In qualità di esperto di comunicazione, l’ad di Mediaset, traccia anche il punto della situazione sullo stato di salute dell’editoria italiana, toccando i tasti dolenti delle paventate vendite di Stampa e Repubblica, appartenenti al gruppo Gedi. La trattativa tra Gedi e il gruppo greco AntennaUno, guidato dall’armatore Theodore Kyriakou, scatena l’agitazione dei giornalisti. «Il libero mercato è sovrano, ma è un dispiacere vedere un prodotto italiano andare in mano straniera». Pier Silvio Berlusconi elogia, invece, Corriere della Sera e Gazzetta dello Sport: «Cairo è un editore puro, ormai l’unico in Italia, e ha fatto un lavoro eccellente: Corriere e Gazzetta hanno un’anima coerente con la loro storia».
Una stoccata sulla patrimoniale: «Non la ritengo sbagliata, ma la parola patrimoniale, secondo me, non va bene. Così com’era sbagliatissima l’espressione “extra profitti”, cosa vuol dire extra? Non vuol dire niente e mi sembra onestamente fuori posto che in certi momenti storici dell’economia di particolare fragilità, ci possano essere delle imposte una tantum che vengono legate a livello di profitto delle aziende».

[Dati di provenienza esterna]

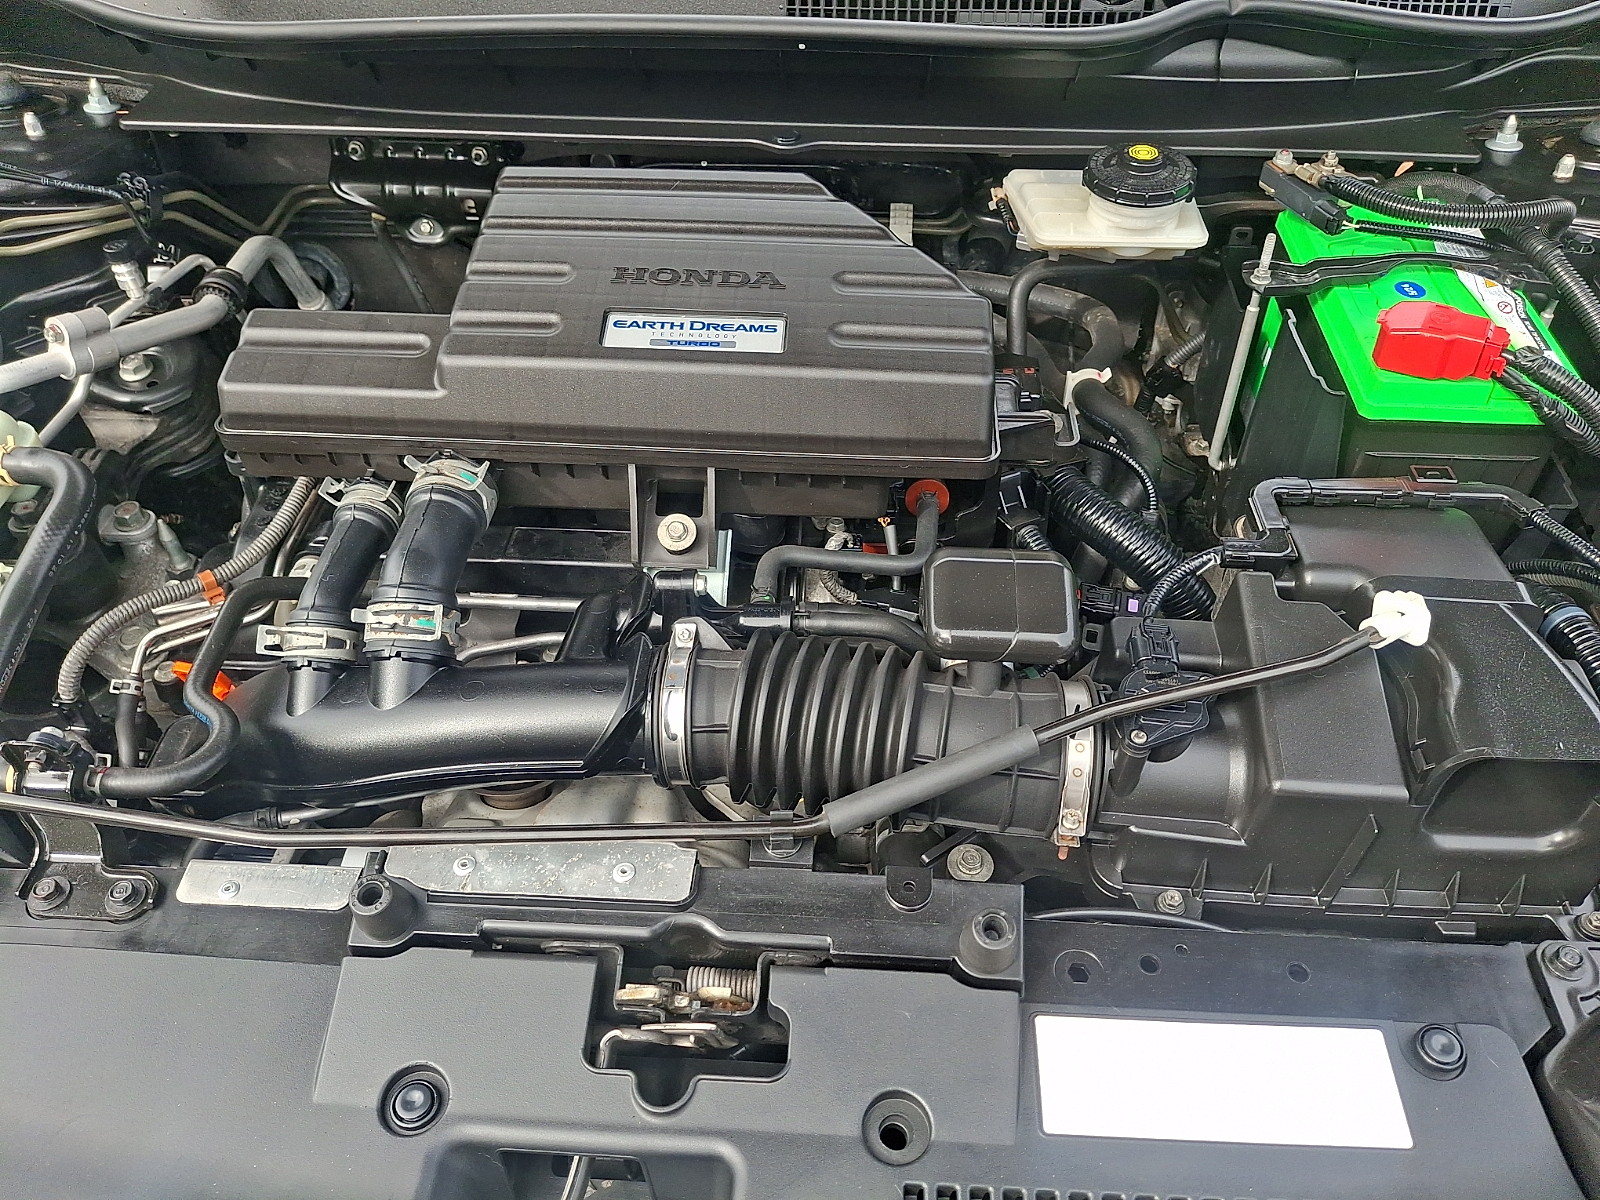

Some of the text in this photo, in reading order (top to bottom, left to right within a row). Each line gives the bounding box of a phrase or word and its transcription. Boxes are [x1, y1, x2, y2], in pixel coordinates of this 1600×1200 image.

[610, 267, 786, 289] HONDA
[612, 319, 778, 333] EARTH DREAMS
[651, 331, 737, 339] TECHNOLOGY
[666, 339, 721, 347] TURBO
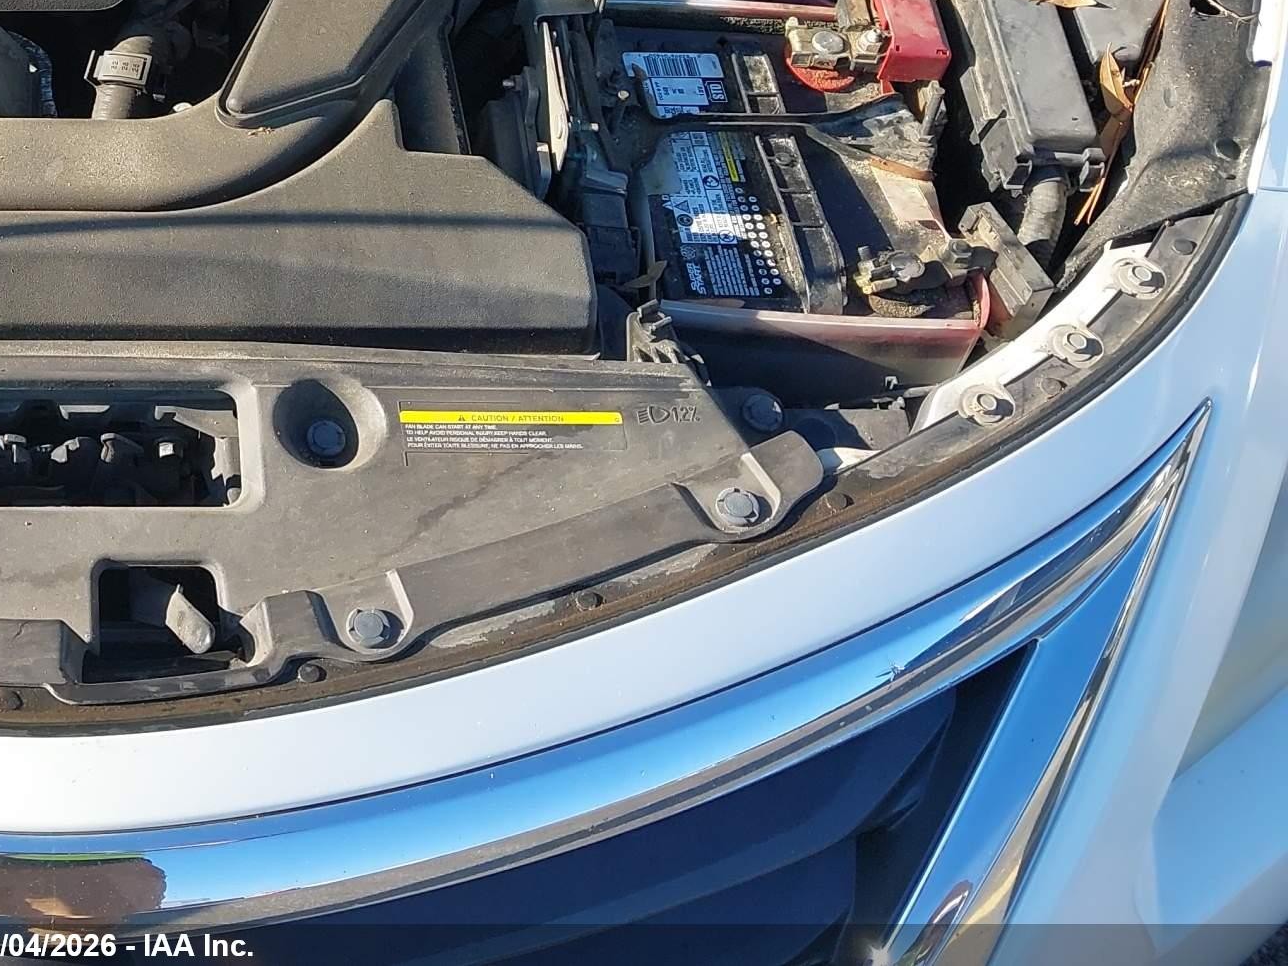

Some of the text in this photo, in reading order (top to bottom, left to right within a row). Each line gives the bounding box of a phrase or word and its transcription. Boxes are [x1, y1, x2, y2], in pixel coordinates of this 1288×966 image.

Un tema di stretta attualità, specialmente dopo le dichiarazioni di Donald Trump, è il ruolo dell’Europa nel mondo. «Di sicuro ciò che è stato fatto fino a oggi non è sufficiente, ma l’Europa deve riuscire a esistere, ad agire e a difendersi. Di questo sono certo. Prima di tutto da cittadino italiano ed europeo e ancor di più da imprenditore italiano ed europeo».
Quanto al controllo del gruppo televisivo tedesco ProSieben, Pier Silvio Berlusconi assicura che «in Germania faremo il possibile per mantenere l’occupazione del gruppo così com’è, al momento non c’è nessun piano di licenziamento». Ora Mfe guarda alla Francia? «Lì ci sono realtà consolidate private come Tf1 e M6: entrare in Francia sarebbe un sogno, ma al momento non vedo spiragli».